------ EXERCISE INPUTS
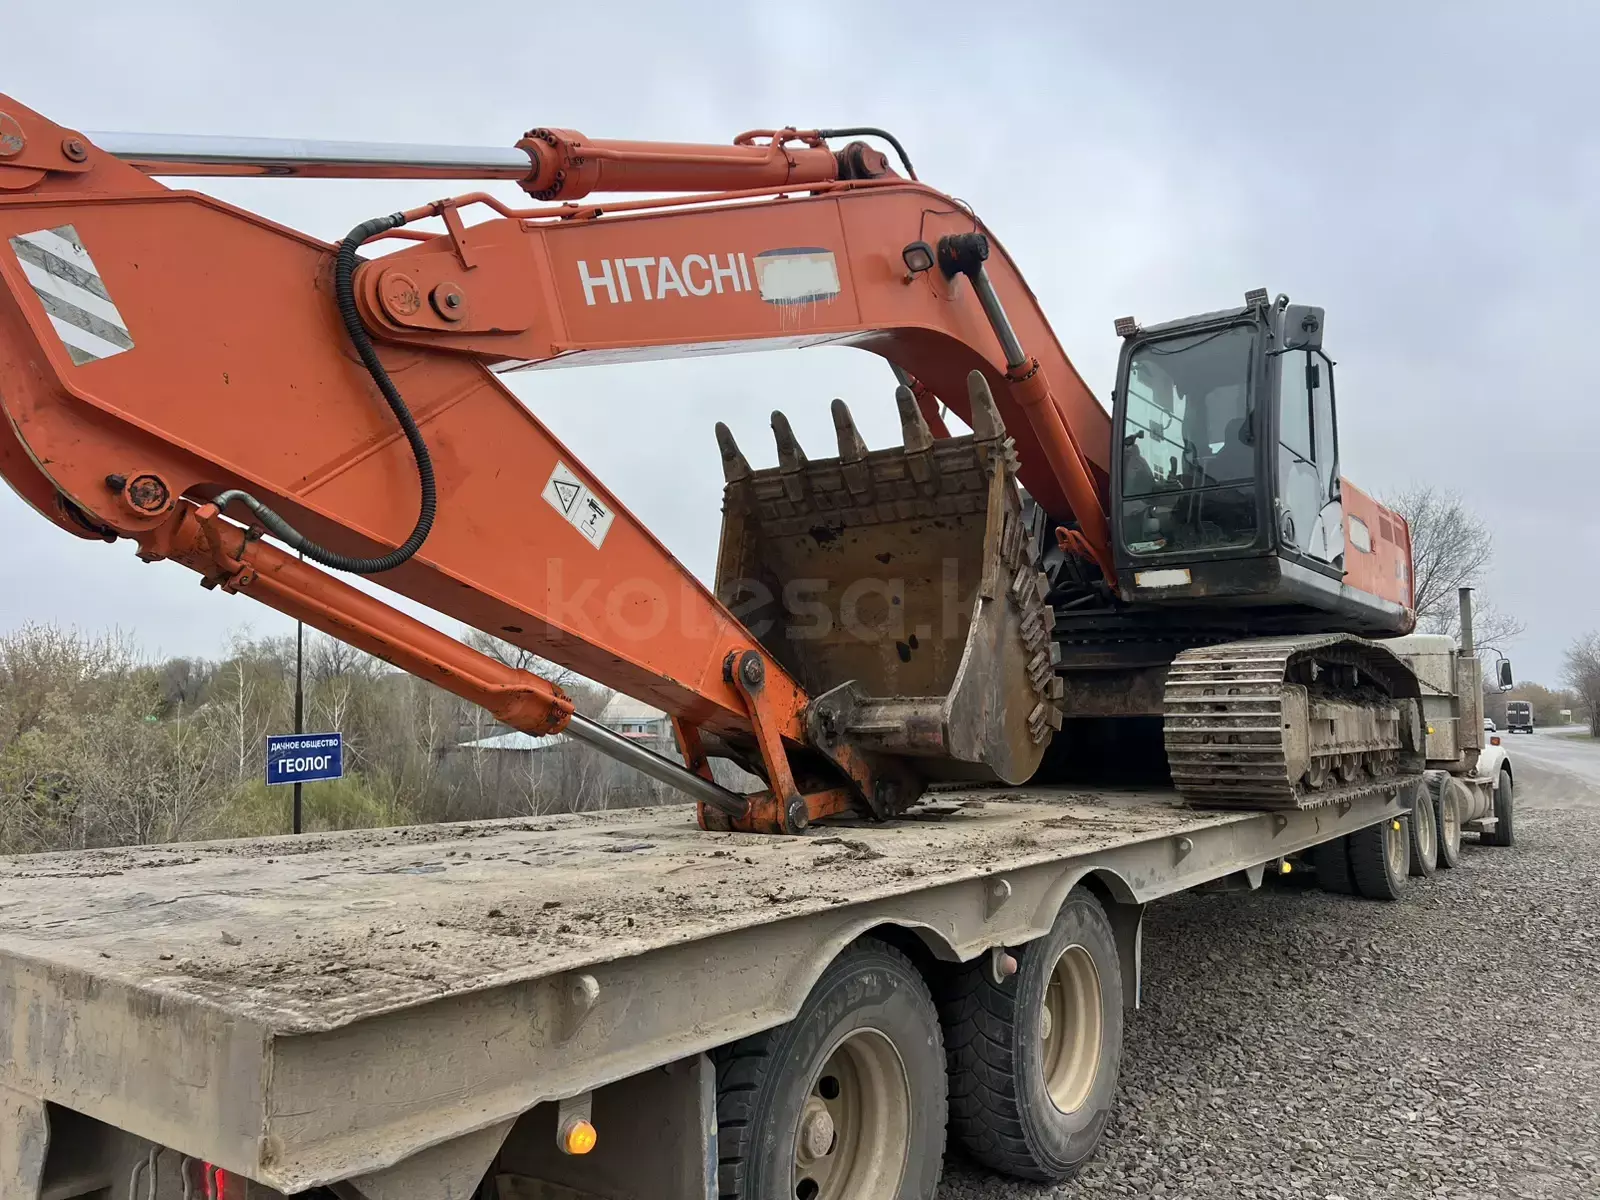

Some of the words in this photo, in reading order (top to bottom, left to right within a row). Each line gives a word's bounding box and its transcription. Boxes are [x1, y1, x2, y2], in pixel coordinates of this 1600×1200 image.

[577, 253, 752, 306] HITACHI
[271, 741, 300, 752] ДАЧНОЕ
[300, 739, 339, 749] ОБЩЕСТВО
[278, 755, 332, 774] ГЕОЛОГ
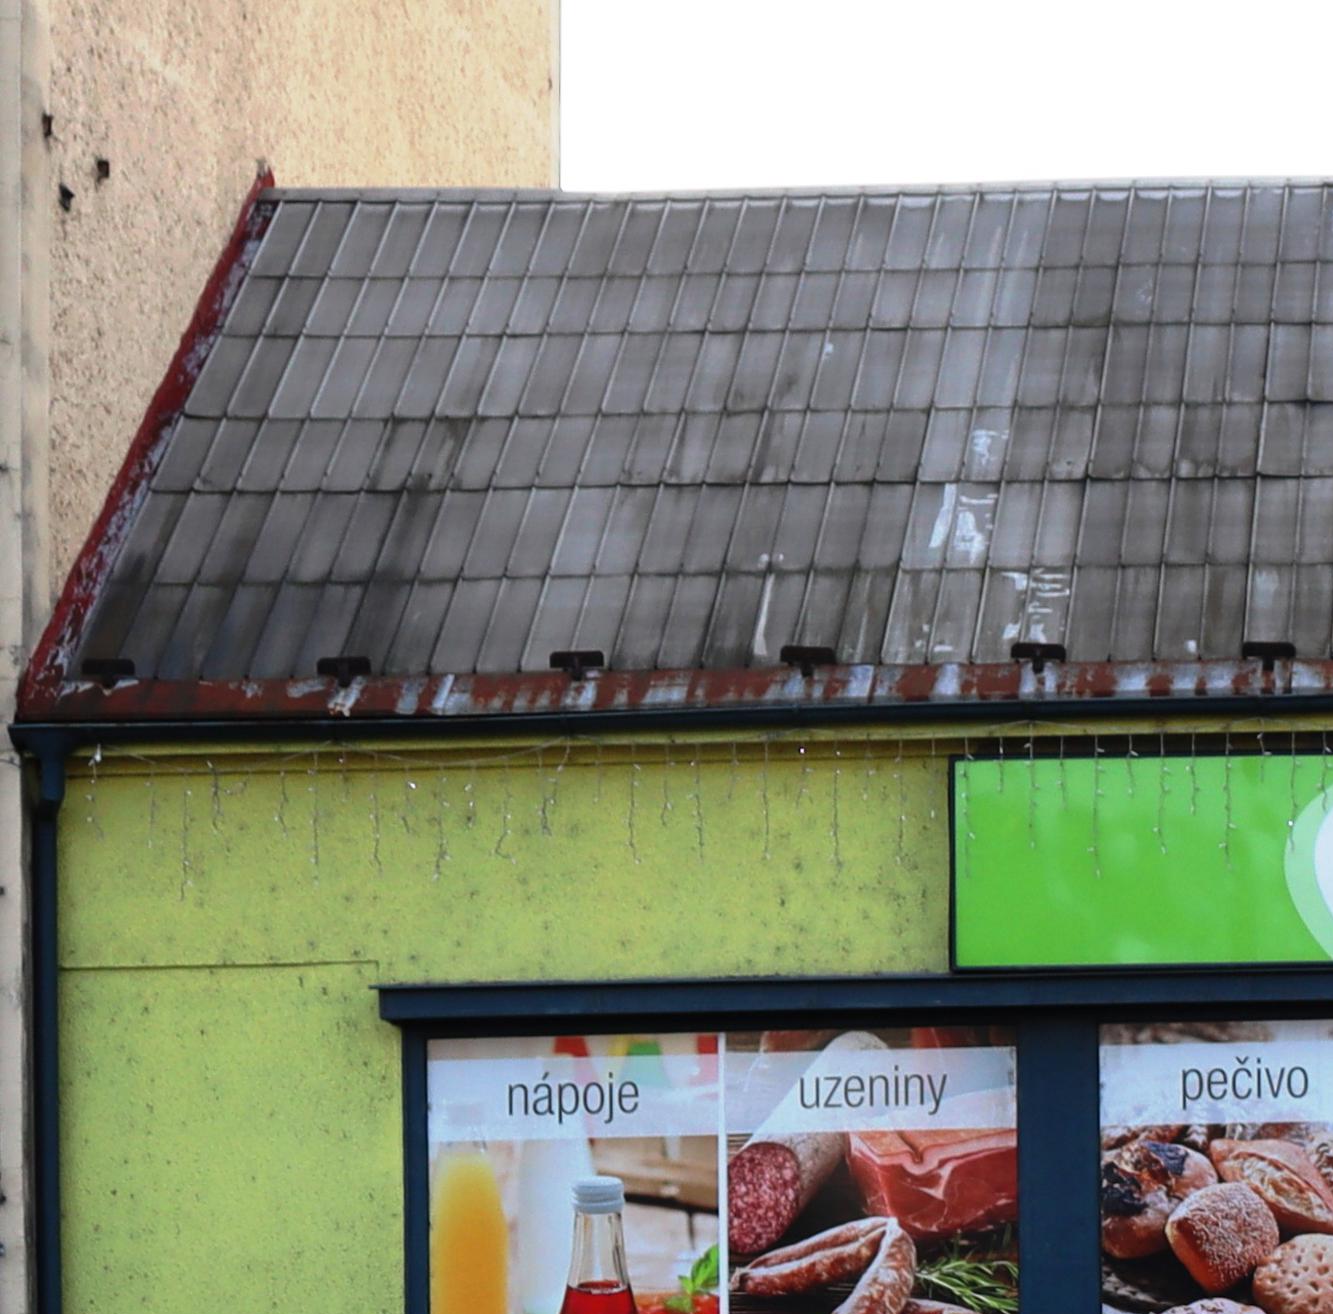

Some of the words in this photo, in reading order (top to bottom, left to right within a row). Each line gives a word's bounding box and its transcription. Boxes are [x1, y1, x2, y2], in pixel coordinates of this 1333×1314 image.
------------
------ EXERCISE INPUTS
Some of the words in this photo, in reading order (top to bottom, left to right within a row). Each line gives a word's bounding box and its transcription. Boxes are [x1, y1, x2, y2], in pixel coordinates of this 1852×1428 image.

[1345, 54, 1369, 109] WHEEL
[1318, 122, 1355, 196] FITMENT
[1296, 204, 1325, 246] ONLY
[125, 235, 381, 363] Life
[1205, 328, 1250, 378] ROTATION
------------
EXERCISE DIRECTIONS: Write out word for word the lines of the listing above from the line with "this 1600×1200 image." to the line with "this 1333×1314 image.", taking in both of those lines but no pictures.

OUTPUT BELOW:
Some of the words in this photo, in reading order (top to bottom, left to right within a row). Each line gives a word's bounding box and its transcription. Boxes are [x1, y1, x2, y2], in pixel coordinates of this 1600×1200 image.

[577, 253, 752, 306] HITACHI
[271, 741, 300, 752] ДАЧНОЕ
[300, 739, 339, 749] ОБЩЕСТВО
[278, 755, 332, 774] ГЕОЛОГ

Some of the words in this photo, in reading order (top to bottom, left to right within a row). Each line gives a word's bounding box and its transcription. Boxes are [x1, y1, x2, y2], in pixel coordinates of this 1333×1314 image.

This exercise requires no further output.